Dialight (DIA) Options Signal Deep Put Skew at $435–$460, Suggesting Short-Term Downtrend and Covered Call Opportunities
- Options market shows heavy put open interest at $435–$460, indicating bearish positioning ahead of this Friday’s expiration.
- RSI is in oversold territory at 28.4, hinting at a potential rebound, but MACD remains bearish with negative histogram.
- Recent news highlights strategic growth moves and buybacks, but short-term supply chain issues may weigh on sentiment.
Here’s the thing—when the puts are piling up on the options chain and the technicals are bearish, yet the company is pushing forward with buybacks and product launches, it’s a mixed bag. But if you read between the lines, the market is leaning toward the downside in the near term. So what’s a trader to do? Let’s break it down.
Bearish Sentiment in Options, Put-Call Imbalance Favors PutsThe put/call open interest ratio is at 1.73, which is a fairly large skew in favor of puts. This suggests that the options market is heavily hedging—or outright betting on—a drop below $460 in the coming days. The top OTM put strikes with the most open interest are at $435 (OI: 1,116), $455 (OI: 658), and $450 (OI: 449), with the $435 strike being the most notable.
For context, the stock is currently trading around $462.69, so a move below $460 would trigger pain for many longs and could accelerate the slide. The heavy put interest at $455 and $460—two of the key 200D resistance-turned-support levels—could mean that if the stock breaks through $460 and starts heading toward $452 (lower Bollinger Band), we might see increased volatility in that range.
Block trading is relatively quiet today, so no massive whale moves to call out. But the heavy put activity suggests that big players are either protecting downside risk or looking to profit from a near-term drop.
Company News Adds Optimism, But Execution Remains KeyThe news flow has been mostly positive. The $65M acquisition of LED Solutions Inc., the $20M buyback program, and the new CFO appointment all point to a company on the move. Even the $30M logistics contract and the $5M DOE grant speak to real growth and innovation. But the recent Q4 earnings miss—missing revenue estimates due to supply chain issues and European slowdown—adds a cloud over near-term performance.
Investor perception is key here. While the long-term story is bullish, the short-term execution is under scrutiny. If the market reads the supply chain issues as a temporary hiccup, the stock could rebound after the short-term dip. But if the bearish puts are right and the stock breaks below $460, the near-term bulls might take a hit.
Actionable Trade Ideas for DIAGiven the bearish options sentiment and the current technical setup, here are a few structured setups to consider:
- Bearish Play: Short-Term Put Spreads
- Consider selling the DIA20260327P460DIA20260327P460-- and buying the DIA20260327P450DIA20260327P450-- to create a bear put spread. This gives you downside exposure if the stock drops below $460, while capping the risk at $450. The trade is ideal for this Friday’s expiry and takes advantage of the high OI at these levels.

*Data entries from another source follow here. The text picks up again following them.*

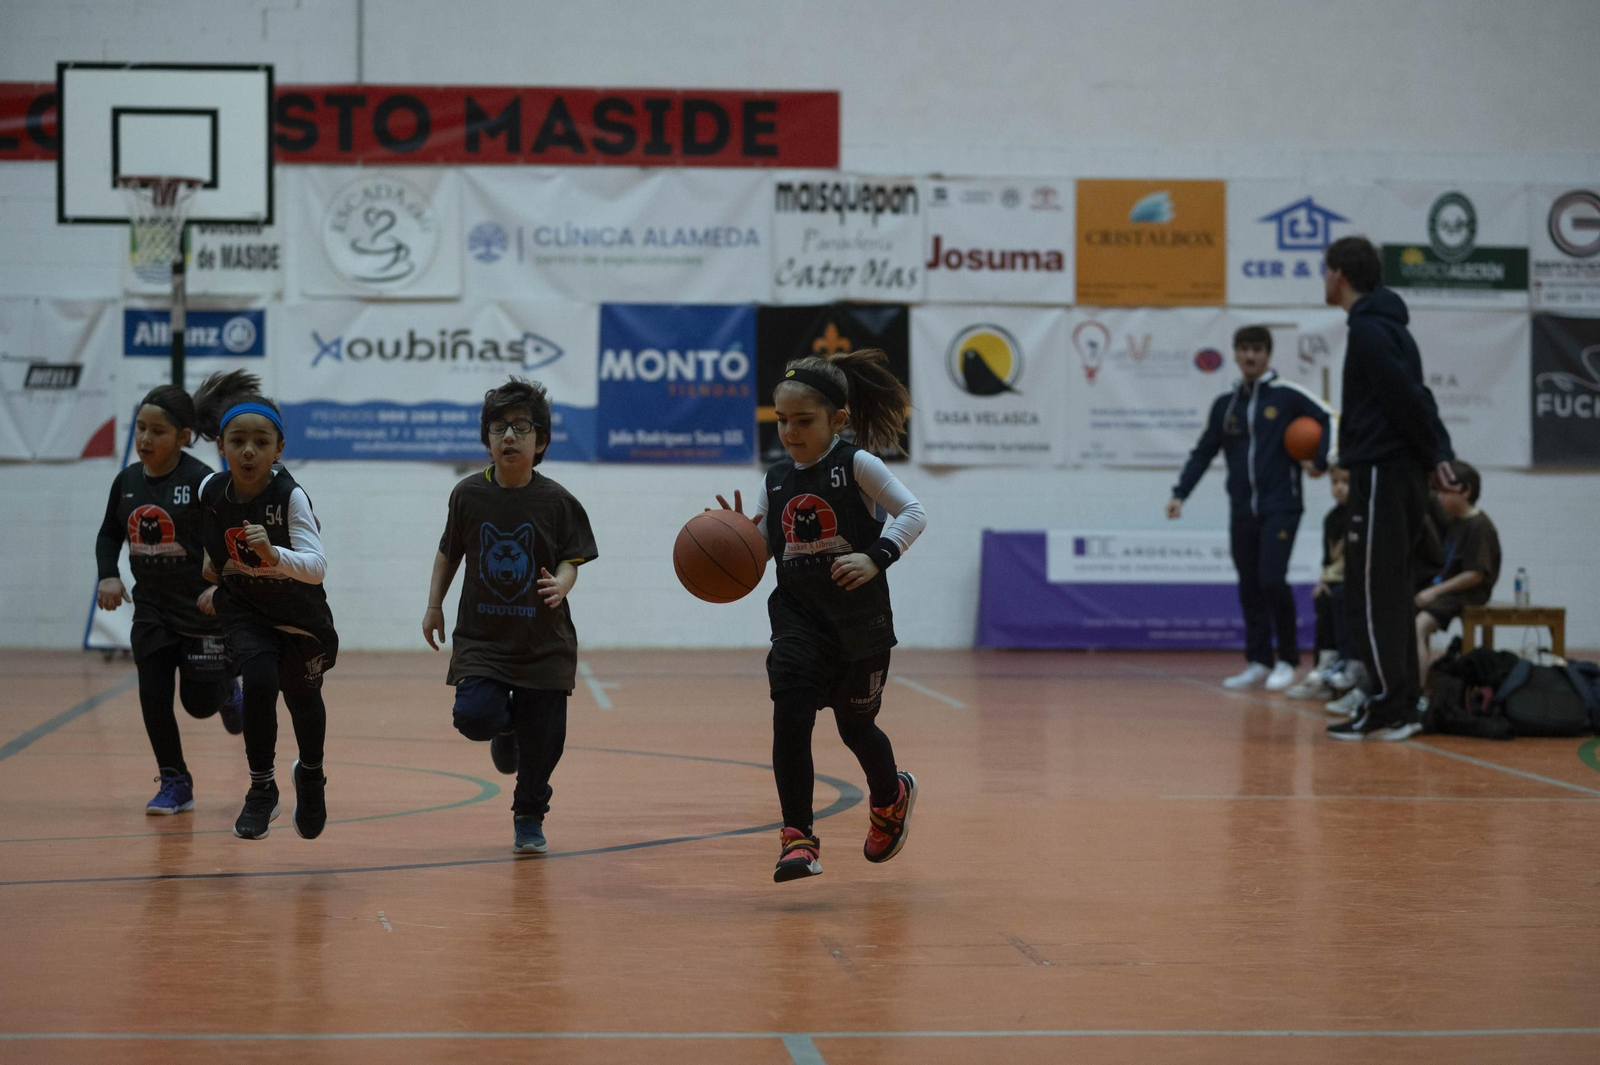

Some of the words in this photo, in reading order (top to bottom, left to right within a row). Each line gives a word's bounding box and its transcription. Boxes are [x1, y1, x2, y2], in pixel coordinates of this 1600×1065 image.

[465, 95, 779, 157] MASIDE
[641, 225, 761, 248] ALAMEDA
[197, 243, 215, 270] de
[220, 245, 279, 270] MASIDE
[925, 235, 1065, 271] Josuma
[830, 465, 848, 488] 51
[173, 485, 191, 505] 56
[265, 503, 283, 526] 54
[815, 539, 838, 550] Libros

- If you prefer a longer time frame, the DIA20260403P460DIA20260403P460-- and DIA20260403P455DIA20260403P455-- can offer more time to see the move through.

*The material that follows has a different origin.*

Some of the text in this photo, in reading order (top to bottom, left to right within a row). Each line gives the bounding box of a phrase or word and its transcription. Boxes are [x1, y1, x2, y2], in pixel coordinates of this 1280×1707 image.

- Bullish Play: Covered Call for Range Bound Stability
- With the stock currently trading at $462.69, consider holding the stock and selling the DIA20260327C475DIA20260327C475-- or DIA20260327C479DIA20260327C479-- calls. These strikes offer a premium and are out of the money, giving you a chance to collect income while the stock trades in a range. If the stock breaks above $475, you’ll still be ahead of a potential rally.
- Stock Play: Buy on Dips if Support Holds
- If the stock dips below $462.69 and holds above the key support of $457.46 (intraday low), consider entering a long position with a stop just below that level. A target range between $470–$475 would be ideal, especially if the stock breaks through the $465–$466.0284 200D average zone.
The coming days will be critical for Dialight. A break below $460 could validate the bearish options positioning and open the door for a test of $452. But the RSI in oversold territory gives a hint that the stock might bounce from there. On the other hand, a strong move above $470 could flip the script and reinvigorate bullish sentiment. Either way, the options market is pricing in a near-term move—just not up.
If you're trading DIA, this is your chance to align your position with the sentiment. Whether it's a covered call, a bear spread, or a long on a rebound, the key is to act before the expiry on Friday. And if you're on the sidelines, keep an eye on the options activity and volume—it might tell you more than the stock price ever could.